Serving: This creamy Baked Lemon Butter Chicken pairs wonderfully with sides like roasted vegetables, mashed potatoes, or a side of pasta. It’s also great with a simple green salad or steamed rice.
Storage: Leftovers can be stored in an airtight container in the refrigerator for up to 3 days. Reheat gently in the microwave or oven, adding a splash of cream or stock to keep the sauce creamy.
Variations:
Add More Veggies: For a complete one-pan meal, add vegetables such as broccoli, carrots, or bell peppers to the baking dish along with the chicken.
Use Chicken Thighs: While any chicken pieces work well, bone-in chicken thighs will absorb more flavor from the sauce and result in even juicier meat.
Change the Cheese: For a different flavor, swap Parmesan for mozzarella for a gooey, cheesy topping, or try a mix of cheddar and Gouda for a richer taste.

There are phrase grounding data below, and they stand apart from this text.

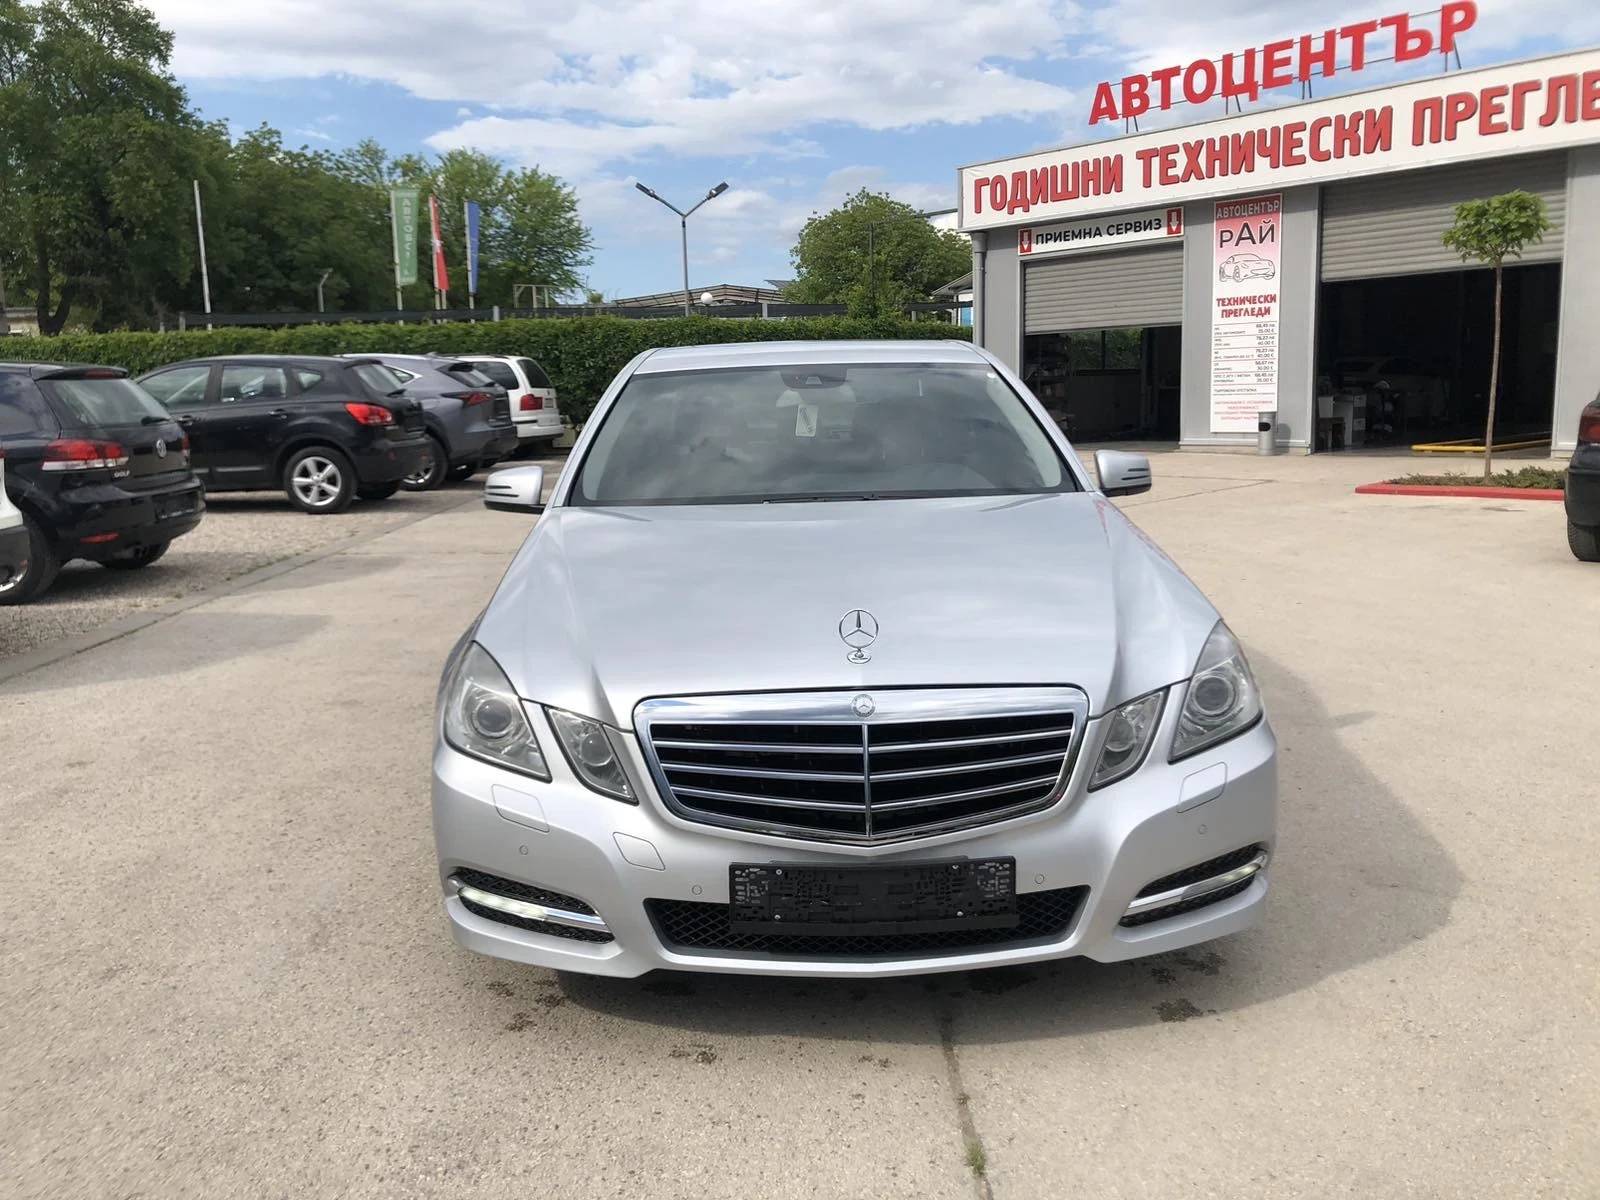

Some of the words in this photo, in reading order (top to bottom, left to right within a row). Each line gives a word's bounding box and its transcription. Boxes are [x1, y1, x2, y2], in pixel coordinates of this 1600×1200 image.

[1089, 0, 1478, 126] АВТОЦЕНТЪР
[974, 154, 1123, 214] ГОДИШНИ
[1136, 105, 1394, 189] ТЕХНИЧЕСКИ
[1412, 69, 1600, 146] ПРЕГЛЕ
[1217, 199, 1280, 219] АВТОЦЕНТЪР
[1036, 228, 1102, 245] ПРИЕМНА
[1106, 218, 1162, 236] СЕРВИЗ
[1219, 219, 1275, 248] РАЙ
[1216, 294, 1277, 307] ТЕХНИЧЕСКИ
[1221, 306, 1271, 318] ПРЕГЛЕДИ

Make It Spicy: If you love a bit of heat, increase the amount of red pepper flakes or add a dash of hot sauce to the sauce mixture.
FAQ:
Can I use boneless chicken?
Yes, boneless chicken works just as well! Just adjust the cooking time as boneless pieces typically cook faster than bone-in cuts.

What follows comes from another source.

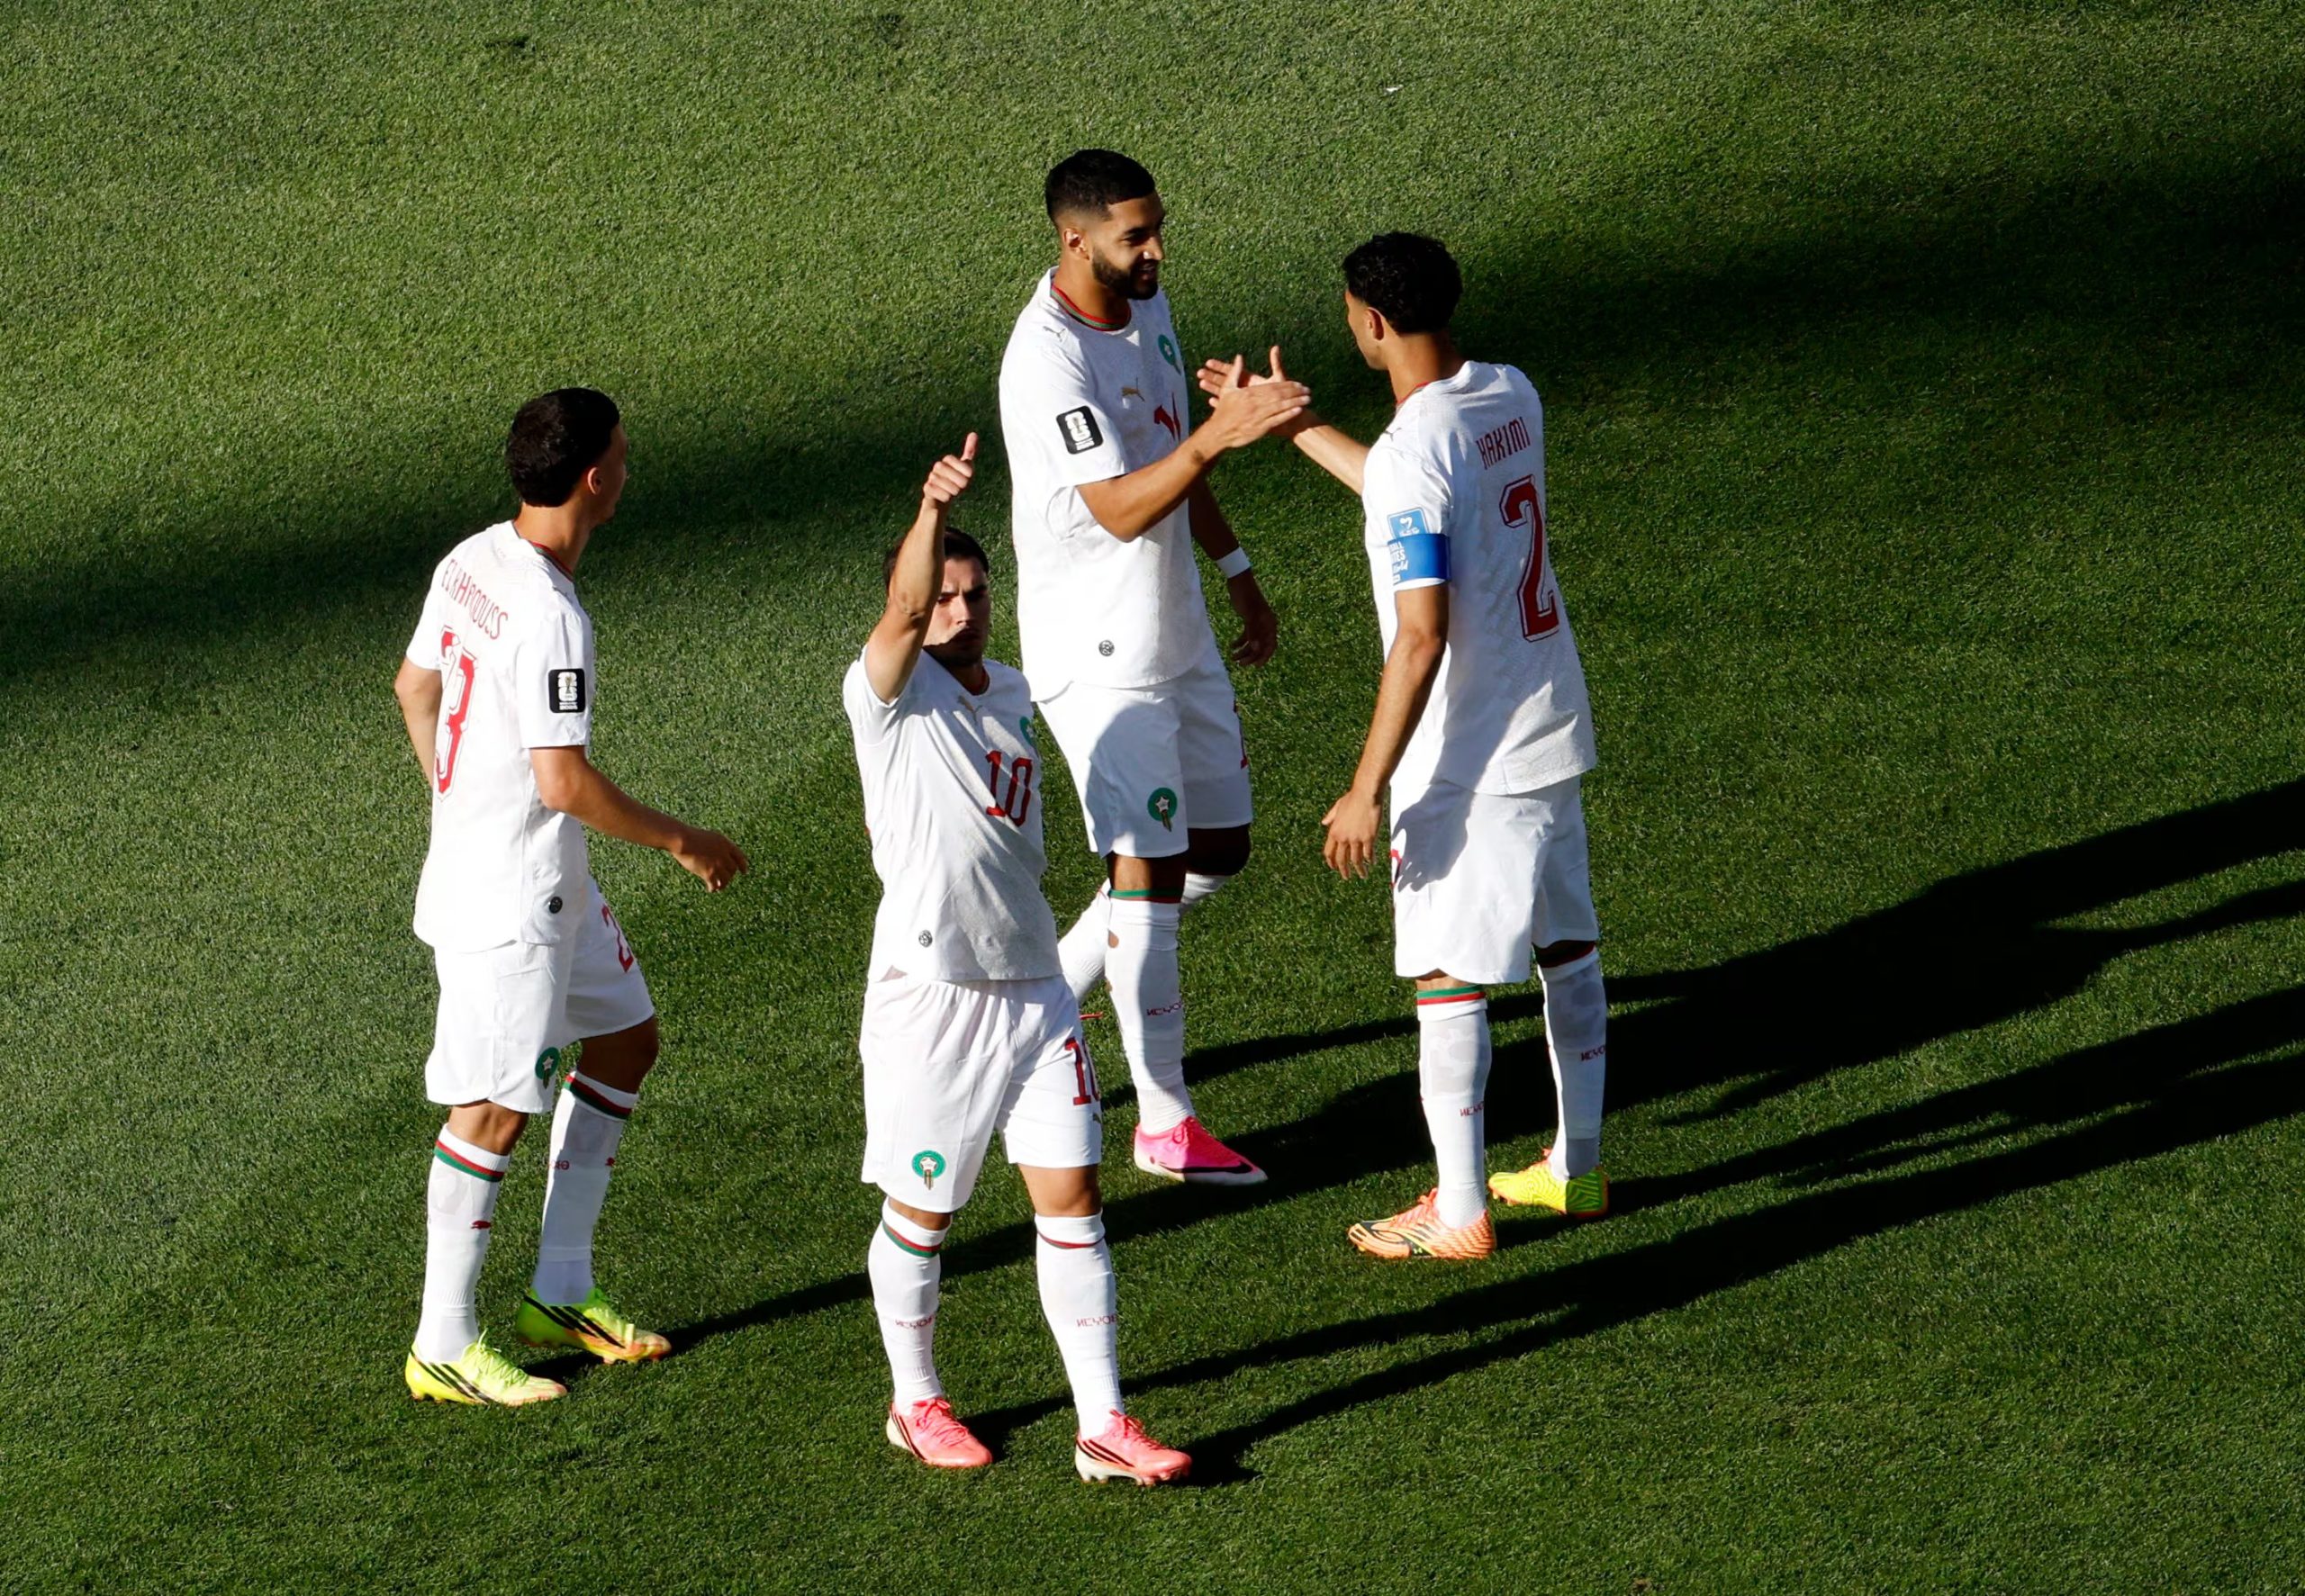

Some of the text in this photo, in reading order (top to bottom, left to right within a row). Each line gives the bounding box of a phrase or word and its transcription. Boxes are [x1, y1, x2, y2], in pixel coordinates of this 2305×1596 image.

Can I prep this ahead of time?
Yes, you can prep the chicken and sauce the night before, then refrigerate it. Just bake it when you’re ready to eat!
How do I know when the chicken is done?
To ensure the chicken is cooked through, check that the internal temperature has reached 165°F (74°C), or cut into the meat to make sure it’s no longer pink.
This Baked Lemon Butter Chicken is a perfect combination of creamy, tangy, and savory flavors that your family will love. Whether it’s a casual weeknight or a more special occasion, this dish is sure to be a hit!